§ YOUR ASSIGNMENT
Copy out the listing in full, exactly as written, but not its pictures.
__________________________________________________
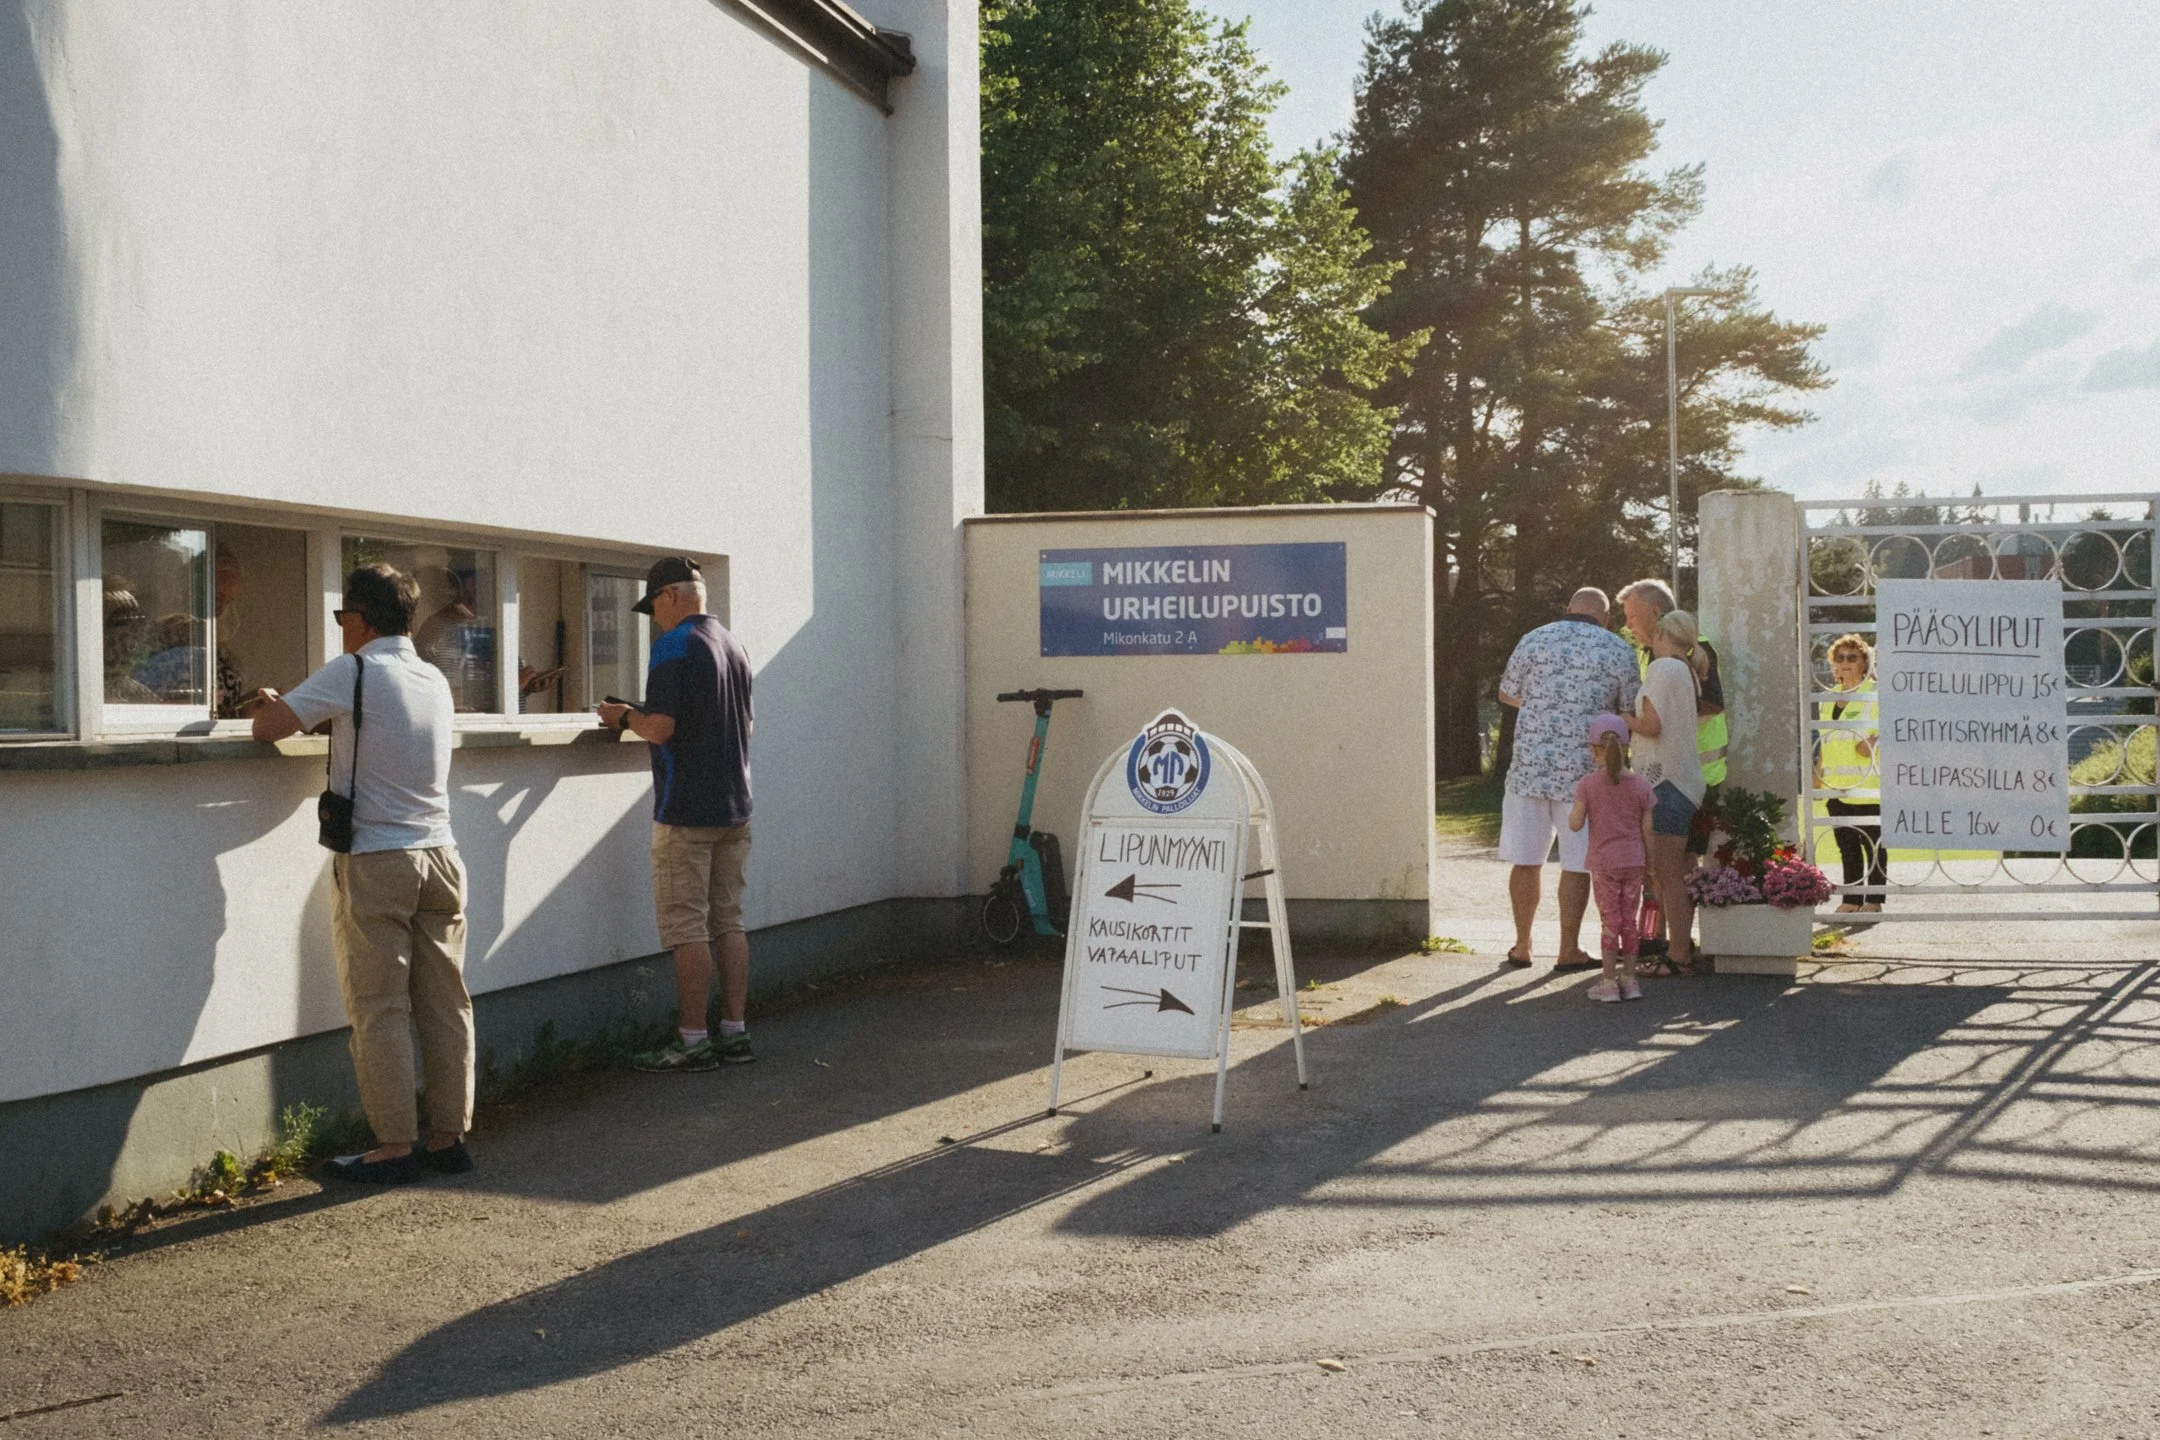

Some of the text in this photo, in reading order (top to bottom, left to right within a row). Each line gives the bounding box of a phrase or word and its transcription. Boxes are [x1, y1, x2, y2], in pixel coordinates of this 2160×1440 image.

[1103, 559, 1231, 585] MIKKELIN
[1103, 593, 1322, 620] URHEILUPUISTO
[1103, 630, 1198, 645] Mikonkatu 2 A
[1893, 607, 2045, 649] PÄÄSYLIPUT
[1891, 670, 2059, 700] OTTELULIPPU 15€
[1894, 715, 2060, 745] ERITYISRYHMÄ 8€
[1896, 763, 2056, 793] PELIPASSILLA 8€
[1132, 787, 1159, 811] MIKKELIN
[1157, 789, 1175, 798] 1929
[1894, 809, 1954, 836] ALLE
[2030, 814, 2057, 838] 0€
[1099, 833, 1227, 873] LIPUNMYYNTI
[1088, 916, 1194, 944] KAUSIKORTIT
[1088, 946, 1203, 972] VAPAALIPUT
__________________________________________________
§ SOLUTION FOR THIS EXERCISE
Some of the text in this photo, in reading order (top to bottom, left to right within a row). Each line gives the bounding box of a phrase or word and its transcription. Boxes are [x1, y1, x2, y2], in pixel coordinates of this 2160×1440 image.

[1103, 559, 1231, 585] MIKKELIN
[1103, 593, 1322, 620] URHEILUPUISTO
[1103, 630, 1198, 645] Mikonkatu 2 A
[1893, 607, 2045, 649] PÄÄSYLIPUT
[1891, 670, 2059, 700] OTTELULIPPU 15€
[1894, 715, 2060, 745] ERITYISRYHMÄ 8€
[1896, 763, 2056, 793] PELIPASSILLA 8€
[1132, 787, 1159, 811] MIKKELIN
[1157, 789, 1175, 798] 1929
[1894, 809, 1954, 836] ALLE
[2030, 814, 2057, 838] 0€
[1099, 833, 1227, 873] LIPUNMYYNTI
[1088, 916, 1194, 944] KAUSIKORTIT
[1088, 946, 1203, 972] VAPAALIPUT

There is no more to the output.